Times were also changing outside of Top Friends at Slide, the SuperPoke! Pets product was starting to take off and actually make money directly from users. This was important! Users, giving us money, for pixels! Brilliant! Being a much more reliable revenue stream than the advertising oriented model that FunSpace, SuperPoke! and Top Friends had been built around, Pets quickly became the “top” product at Slide. With ad revenue drying up for Top Friends, we were tasked with experimenting with virtual currency (like Pets) and ultimately “premium items” (like Pets) within Top Friends. It seemed almost as if Top Friends was changing visions, strategies and directions on a bi-weekly basis. One week we were building virtual currency experiments with “Top Dollars”, the next, virtual economy experiments with an “Own your friends’ profiles” feature, the next, premium virtual goods with “Top Gifts”. As the “Top Friends guy” and the manager of the engineering team, I was so confused and disoriented about what we actually did and where we were actually heading, I didn’t stand a chance at convincing Paul, Geoff and Jason of it.

2008 winding down, the writing was on the wall, Top Friends was not going to live long, at least the Top Friends Team wasn’t. We had gained a reputation of being very self-sufficient and competent, but with that autonomy came uncertainty from outsiders. I regularly had to remind coworkers that I was a Slide engineer, not a Top Friends engineer, regardless of the TF team’s internal view of itself as a “microstartup.” When we failed to meet goals set out for us, it was decided that the staff behind Top Friends were too valuable to spend time on a failing product.

Jason, Paul and Seema went to start a new project, while Geoff and I, together since the desktop client days, joined the Server/Infrastructure team. My personal “love” for Top Friends had all but dissolved by this point, I was sick of Top Friends, I was sick of Facebook, I was sick of policy, I didn’t care all that much about the product anymore. The breaking up of the team though, was crushing. As far war metaphors go, the TF team was a small rag-tag group of guerrillas, capable of taking large projects and finishing them in record time. We often talked about what we did as “playing jazz music” because our work had an improvisational style, but the trust and understanding of where we all fit into the act, allowed us to tackle large tasks in stride; that was all over though. The dream team was broken up.

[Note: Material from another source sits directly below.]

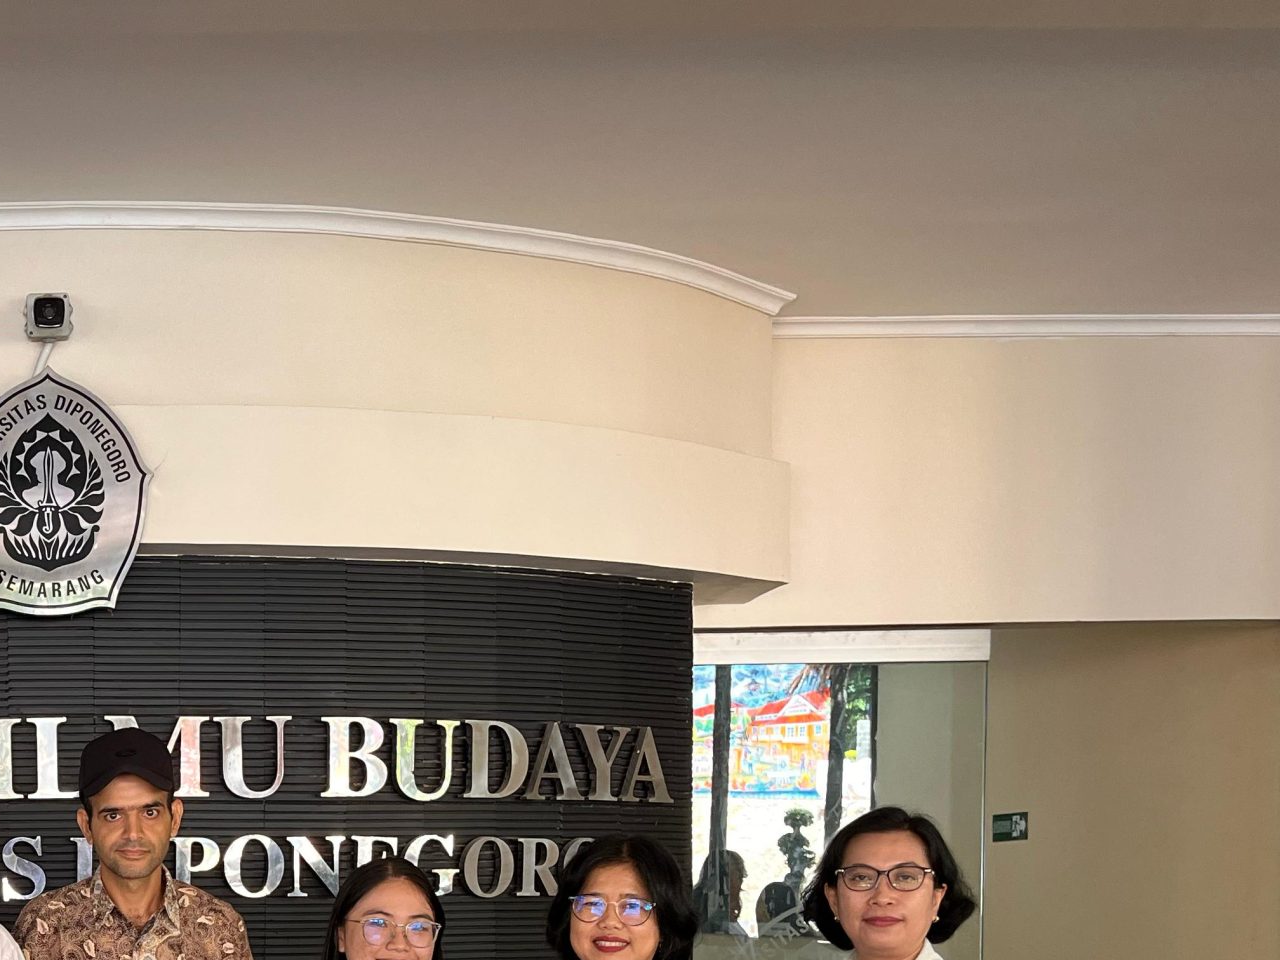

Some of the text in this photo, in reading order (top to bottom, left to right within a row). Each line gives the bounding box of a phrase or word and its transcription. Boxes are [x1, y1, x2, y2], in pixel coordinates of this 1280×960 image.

[54, 394, 131, 483] DIPONEGORO
[320, 716, 674, 805] BUDAYA
[69, 833, 596, 899] PONGOR

My time on the server team at Slide is unfortunately a boring story of working with stellar engineers capable of writing solid code and deploying it without incident. As exciting as wood filler “this worked out just fine, the end.” After years of frenzy with Top Friends and the Facebook platform, my first project for the server team took three weeks to build, was pushed without a hitch and has only required two minor updates since. With my nose to the grindstone building services and scalable architecture, I went months without particularly concerning myself with “product direction”, company strategy and their ilk. The closest I would come to application development would be jumping up into application code to fix bugs, all the while cursing app developers’ laziness while conveniently forgetting how often I was guilty of the same offense in my tenure with Top Friends.

When I finally stuck my head back up, near the end of the summer, I started to realize that I was working at a different company than I remember joining. Slide had grown tremendously and changed direction once again. Since stepping back from the front-lines, I had changed and Slide had changed too.

It was about time Slide and I started seeing other people.